In new AI hype frenzy, tech is applying the label to everything now – Axios

Illustration: Allie Carl/Axios

At this peak moment in the tech world's artificial intelligence craze, anything that tech companies can slap an "artificial intelligence" label on, they will.

Why it matters: The more our understanding of a new technology is distorted by hype, the less thoughtfully we can apply it and the more likely it is we will cause harm with it.

The big picture: Real advances in machine-learning based pattern- recognition and -completion have sparked a new bubble in tech-industry investment, encouraging companies to apply the "AI" label to anything that moves.

Driving the news: Paul McCartney recently told the BBC that AI was helping the surviving Beatles produce a new song featuring vocals by John Lennon, who was killed in 1980.

Today's AI promoters are trying to have it both ways: They insist that AI is crossing a profound boundary into untrodden territory with unfathomable risks. But they also define AI so broadly as to include almost any large-scale, statistically-driven computer program.

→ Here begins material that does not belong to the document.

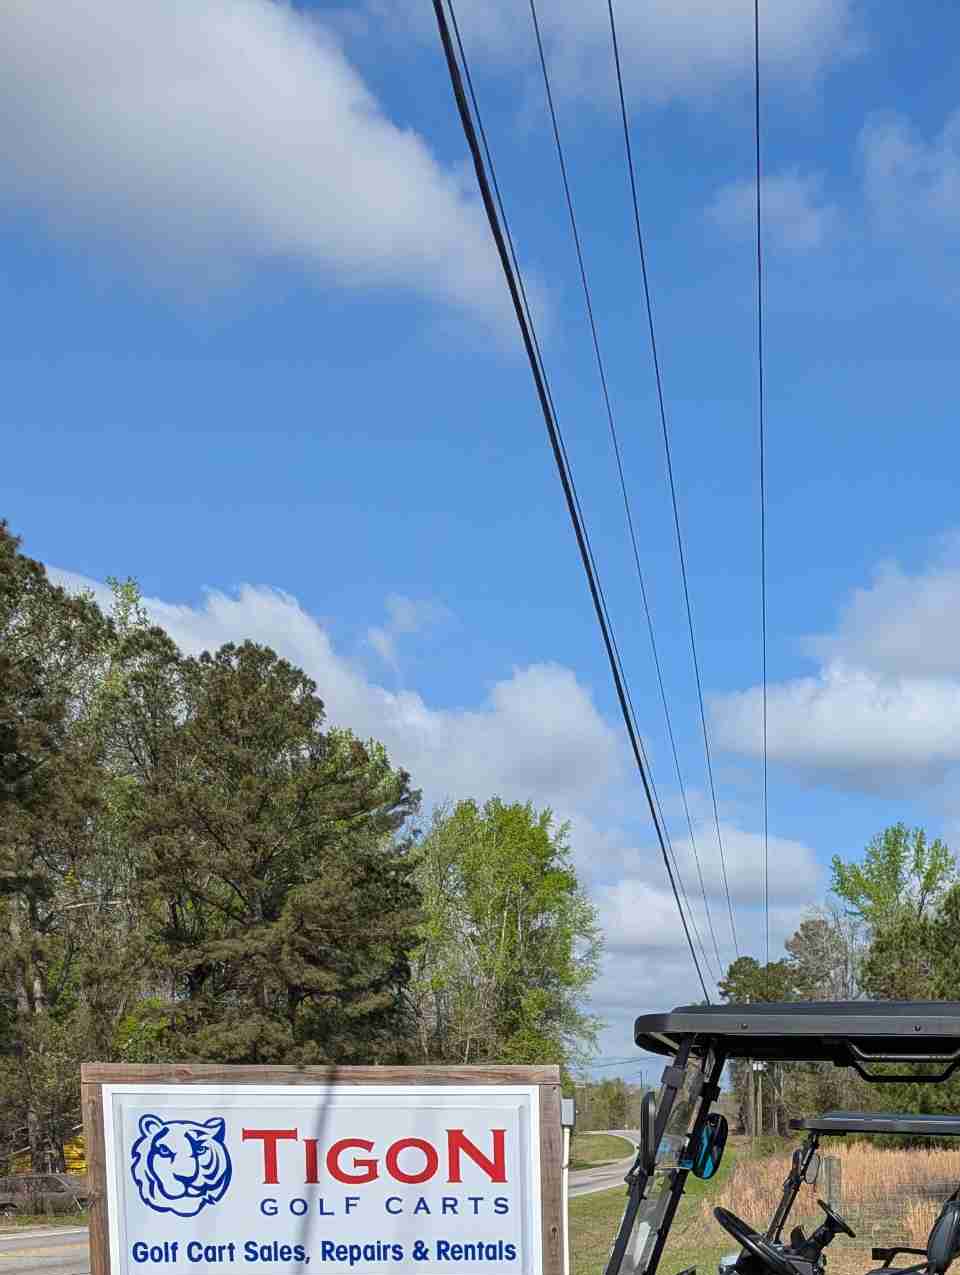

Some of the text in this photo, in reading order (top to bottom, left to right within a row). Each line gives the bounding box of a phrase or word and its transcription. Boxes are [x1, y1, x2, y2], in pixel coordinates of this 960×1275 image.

[242, 1128, 508, 1185] TIGON
[260, 1196, 510, 1217] GOLF CARTS
[131, 1239, 517, 1265] Golf Cart Sales, Repairs & Rentals

Zoom out: The catalyst for this hype wave was the introduction of ChatGPT late last year, which spotlighted the impressive conversational abilities of today's large language models.

The term "artificial intelligence" emerged in the 1950s to name the goal of duplicating human capabilities of reasoning in code and circuitry, which experts at the time predicted might take 15 or 20 years to achieve.

A different and long-neglected road involving the creation of neural networks emerged as a promising alternative, beginning to take form in the '90s and accelerating in the aughts.

The other side: Proponents of today's AI argue that such pattern-matching is basically what the human brain does, too, so as computers' capabilities advance they'll inevitably converge on those of humanity.

The bottom line: The ubiquity of the "artificial intelligence" category in tech today might be the most phenomenally successful act of rebranding in corporate history.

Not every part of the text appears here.